On the football field, there are more and more role models demanding fairness, writes Ellen van Neerven.
Share this article
I am in a hotel room in France watching telly and there’s a hardware advertisement: a girl breaks a wall with her skills. The hole in the wall is a perfect metaphor for a Women’s World Cup that broke through so many barriers.
I’m in the chemist in a small town in The Netherlands, and there’s cut-outs of Lieke Mertens and Vivianne Miedema in front of a toothpaste display.
I’m in the subway in France and Amadine Henry’s smile is on the Coke vending machine.
I’m on the train to Germany, and young women crowd around mobile screens watching their heroes. In the lead-up to the World Cup, the Die Nationalelf (The National Eleven) launch their bold campaign ‘We Play For A Nation That Doesn’t Even Know Our Names’.
Back in Australia, Matildas’ captain Sam Kerr is sport’s most marketable face. Her sponsorship with Nike sets her total earnings to more than $1 million.
A few years ago, this kind of representation for a female athlete would be unheard of. I can’t watch this, without having tears in my eyes, crying for all those years I loved and played a game that didn’t render me important:
Queen Kerr, a proud queer woman-of-colour, has a great tournament, finishing equal second top goalscorer.

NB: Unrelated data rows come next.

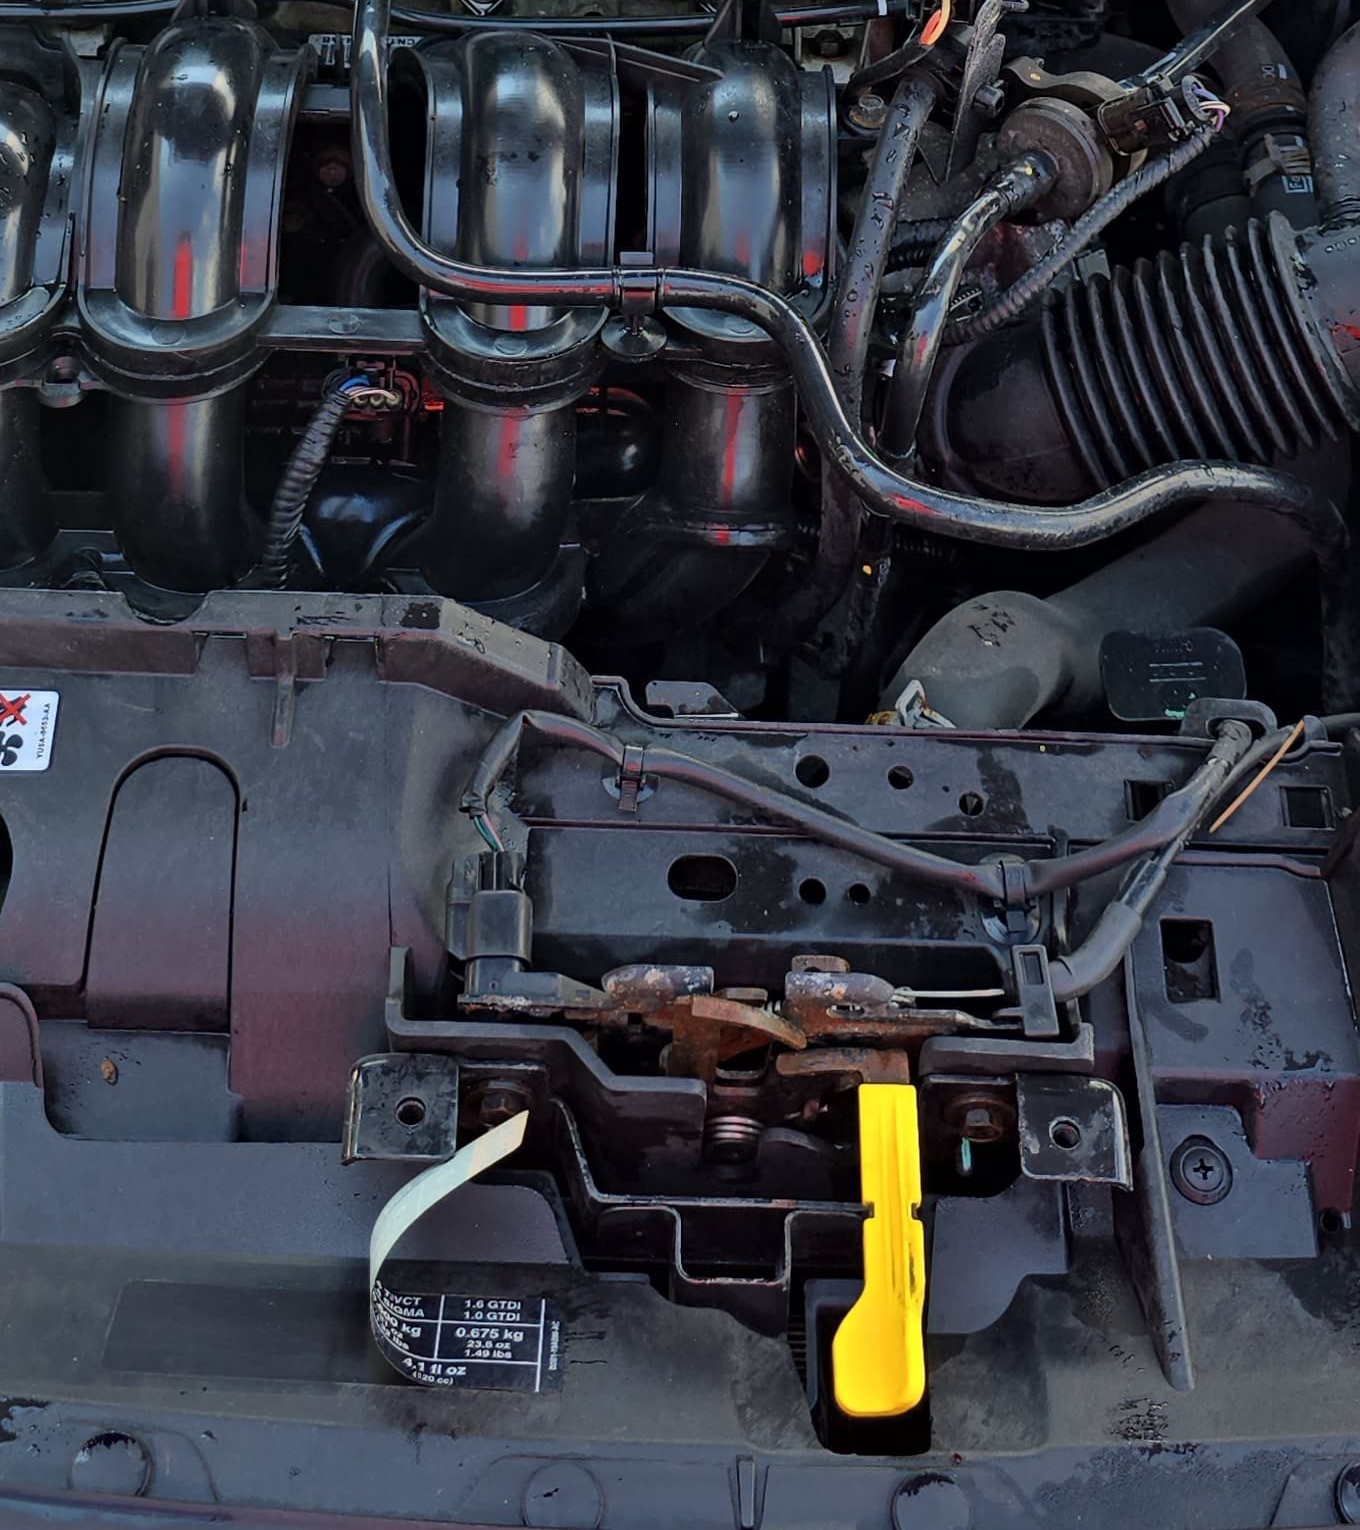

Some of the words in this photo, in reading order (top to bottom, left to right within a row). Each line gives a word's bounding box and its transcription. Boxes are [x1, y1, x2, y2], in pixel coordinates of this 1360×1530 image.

[464, 1299, 485, 1310] 1.6
[487, 1300, 521, 1311] GTDI
[463, 1311, 483, 1320] 1.0
[486, 1312, 520, 1322] GTDI
[455, 1327, 500, 1340] 0.675
[503, 1328, 524, 1342] kg
[495, 1341, 512, 1350] oz
[464, 1348, 490, 1358] 1.49
[446, 1365, 467, 1375] oz
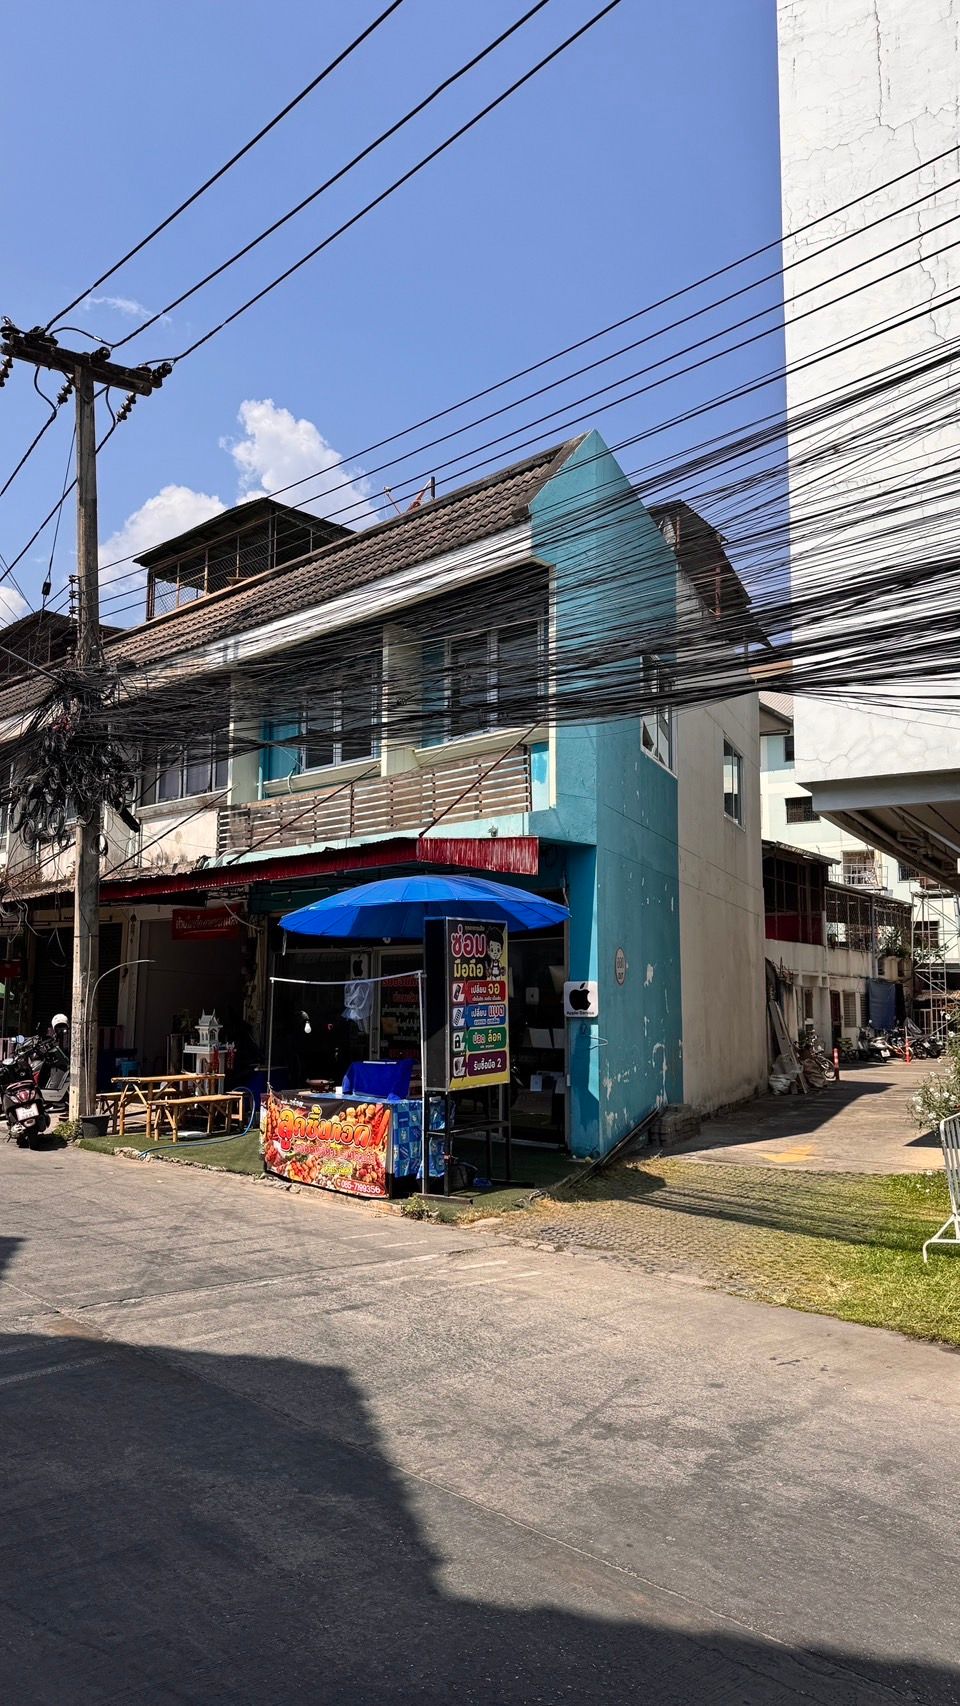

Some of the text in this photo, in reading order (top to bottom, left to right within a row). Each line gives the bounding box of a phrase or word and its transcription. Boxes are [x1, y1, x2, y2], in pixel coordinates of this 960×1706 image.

[451, 924, 486, 957] ซ่อม
[454, 959, 483, 977] มือถือ
[470, 982, 500, 994] เปลี่ยน จอ
[470, 1004, 505, 1018] เปลี่ยน แบต
[497, 1057, 502, 1068] 2
[278, 1104, 371, 1151] ลูกชิ้นทอด

And while we would like our Aussie girls to go all the way, it doesn’t prove to be our year.
US co-captain Queen Rapinoe’s heat map on the field is just too hot. Her fire curls in and out of the left wing; her smart quick runs proving unbeatable. She wins the tournament for the US, as well as being individually recognised with Golden Ball and Golden Boot.

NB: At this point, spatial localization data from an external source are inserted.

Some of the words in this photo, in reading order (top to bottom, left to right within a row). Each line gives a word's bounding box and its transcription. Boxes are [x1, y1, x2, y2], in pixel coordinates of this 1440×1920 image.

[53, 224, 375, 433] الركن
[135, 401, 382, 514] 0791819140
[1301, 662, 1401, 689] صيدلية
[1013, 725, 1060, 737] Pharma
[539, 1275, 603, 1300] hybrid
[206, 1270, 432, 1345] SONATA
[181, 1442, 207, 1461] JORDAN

Off the field she’s all grace and glory. Telling Trump how it is, telling FIFA how it is. She represents one of the several openly queer women on the team, including coach Jill Ellis.
“I feel like this team is in the midst of changing the world around us as we live, and it’s just an incredible feeling,” Rapinoe said after the team’s 2-0 victory over the Netherlands.

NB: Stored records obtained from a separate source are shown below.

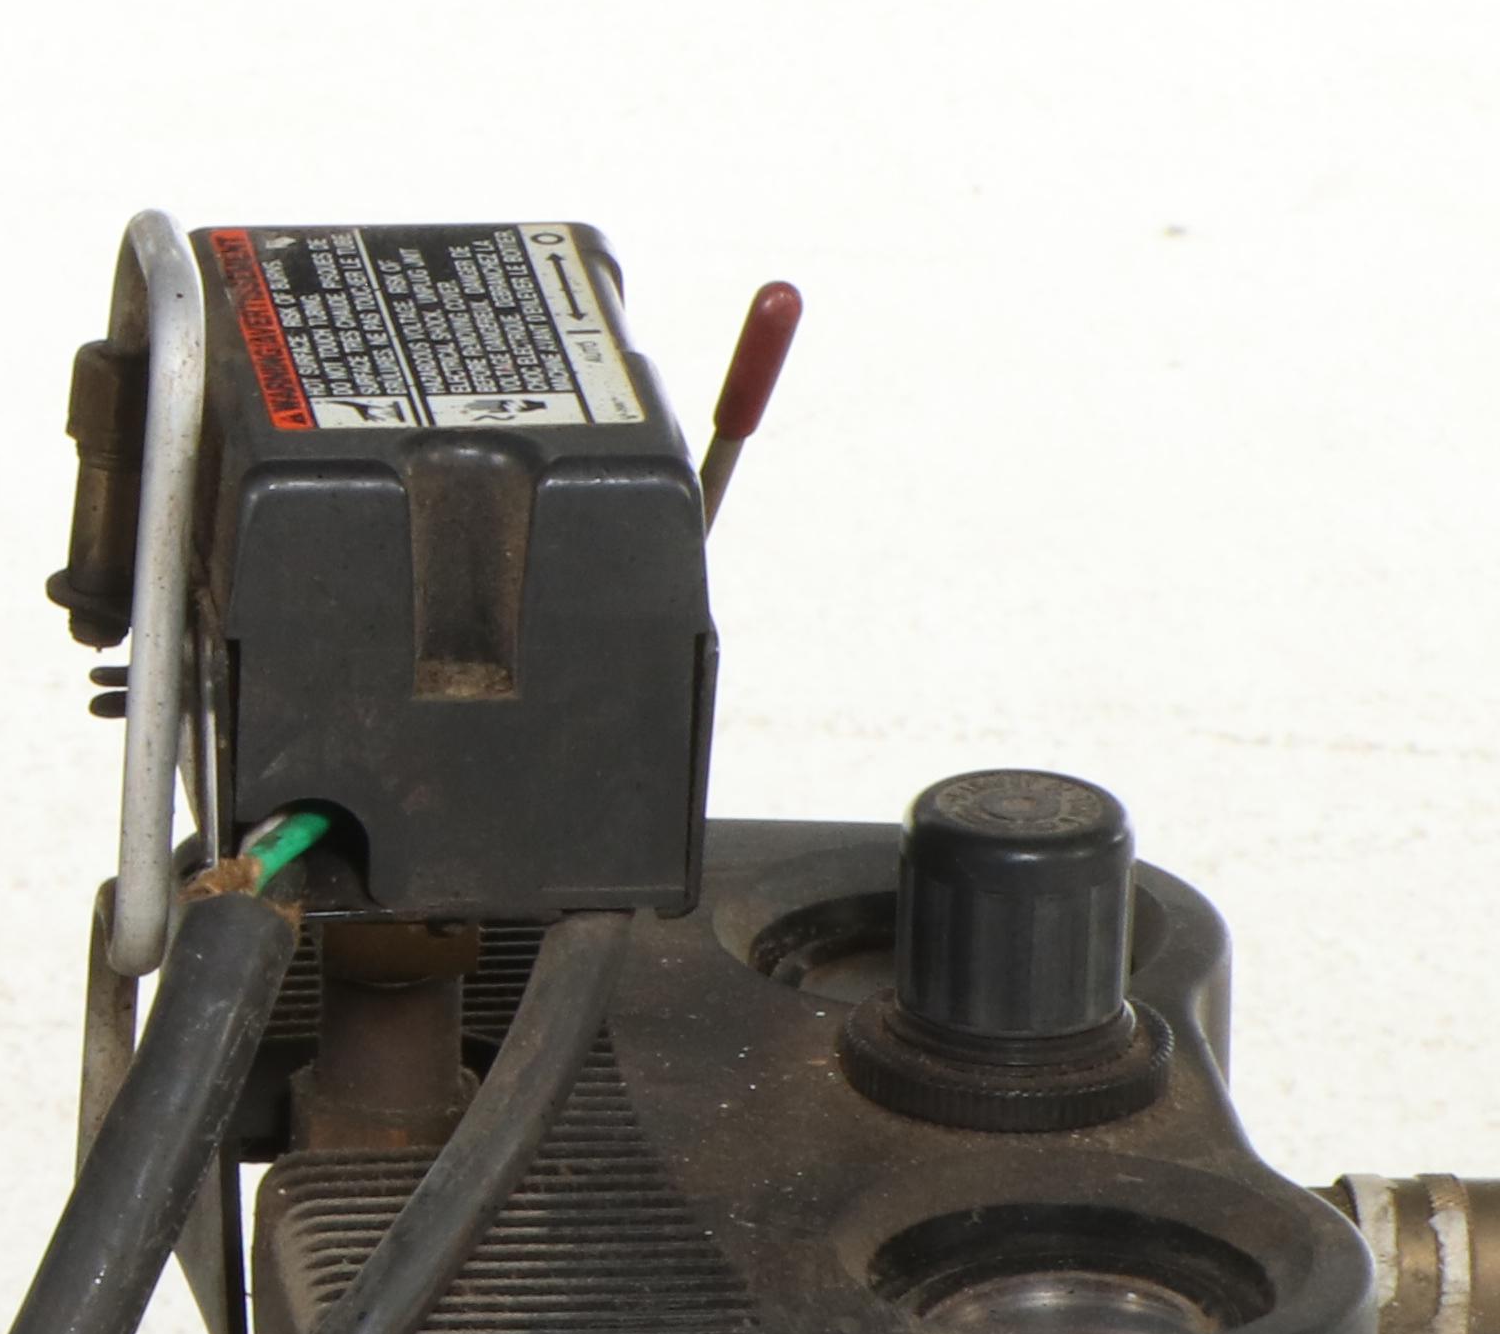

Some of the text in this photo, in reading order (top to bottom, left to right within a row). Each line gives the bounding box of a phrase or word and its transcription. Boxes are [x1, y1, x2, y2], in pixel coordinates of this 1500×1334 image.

[305, 237, 330, 250] DE
[447, 245, 473, 257] DE
[471, 239, 496, 251] LA
[338, 257, 362, 268] LE
[376, 258, 402, 272] OF
[504, 263, 529, 275] LE
[382, 274, 410, 293] RISK
[406, 268, 439, 303] UNPLUG
[452, 259, 486, 294] DANGER
[271, 291, 297, 304] OF
[276, 306, 304, 327] RISK
[358, 312, 384, 330] PAS
[310, 328, 341, 358] TOUCH
[364, 332, 389, 345] NE
[447, 312, 484, 356] REMOVING
[527, 323, 559, 351] AVANT
[322, 362, 349, 379] NOT
[346, 355, 381, 395] SURFACE
[407, 341, 447, 393] HAZARDOUS
[433, 342, 472, 393] ELECTRICAL
[464, 358, 498, 392] BEFORE
[487, 353, 523, 392] VOLTAGE
[538, 352, 574, 390] MACHINE
[301, 378, 328, 396] HOT
[329, 381, 355, 395] DO
[518, 366, 550, 391] CHOC

All 28 members of the United States women’s national team filed a discrimination lawsuit against the US Soccer Federation before the Women’s World Cup – relating to equal pay and working conditions.
The lawsuit stated: “Despite the fact that these female and male players are called upon to perform the same job responsibilities on their teams and participate in international competitions for their single common employer, the female players have been consistently paid less money than their male counterparts.”
The Matildas, Australia’s most successful football team ever, have also campaigned tirelessly for equal rights. In 2015, they received a pay increase that would not have been achieved without strike action. The top Matildas’ annual salary increased from a measly $21,000 to $41,000.
Total prize money awarded to teams participating in this year’s World Cup is just 7.5% that of the men’s last year. Though the World Cup ensured the employment of many women as referees, commentators and journalists and FIFA committed to long-term reform. Record sponsorship, attendance and global rating makes women’s football an important economic site to watch.
However, the conditions offered for women in countries like Australia and the US pale in comparison to some of the other teams in the same tournament. There is a huge gap between the rich and poor countries.
One example is the Jamaica’s Reggae Girlz, the first national football team from the Caribbean to qualify for the Women’s World Cup. Without the support of Cedella Marley and the Bob Marley Foundation (named after her musician father), there would be no team, with the players and coaching staff receiving no payment for their work. Cedella Marley spearheaded an international fund-raising effort several years ago and things picked up from there.
Current African champions Nigeria organise a sit-in in their hotel following their last 16-loss to Germany. They are asking the Nigerian Football Federation to pay outstanding fees, some of which date back to 2016. This is their third public demonstration of this kind. After hours of deliberation, shorter than 2004’s three-day long sit-in, the Football Federation agree to pay the fees.
By the end of the tournament, football emerges as a woman, God as a Queen. Women together in solidarity can break down the sexist structures and hierarchies in sport.
Organise to equalise
Whether it’s in sport or in the workplace, here are some ideas for you/your team to gain equal pay/rights/representation:
~ Infiltrate the conversation ~
Gain representation on boards and committees and meetings.
~ Value your work ~
Get to know the value of your work. Put a price on it if there isn’t one already. Interrogate your own internalised sexism / ageism / racism / homophobia.
~ What do they get? ~
Demand the same standard for yourself, ask for what the men get.
~ Talk about it, write about it ~
Let people know what’s going on, and celebrate your achievements.
~ Network ~
Meet other like-minded people in and outside your workplace / community / sports club.
~ Collect everything ~
Develop a toolkit of collective resources – podcasts, books, articles, correspondence, legal resources etc.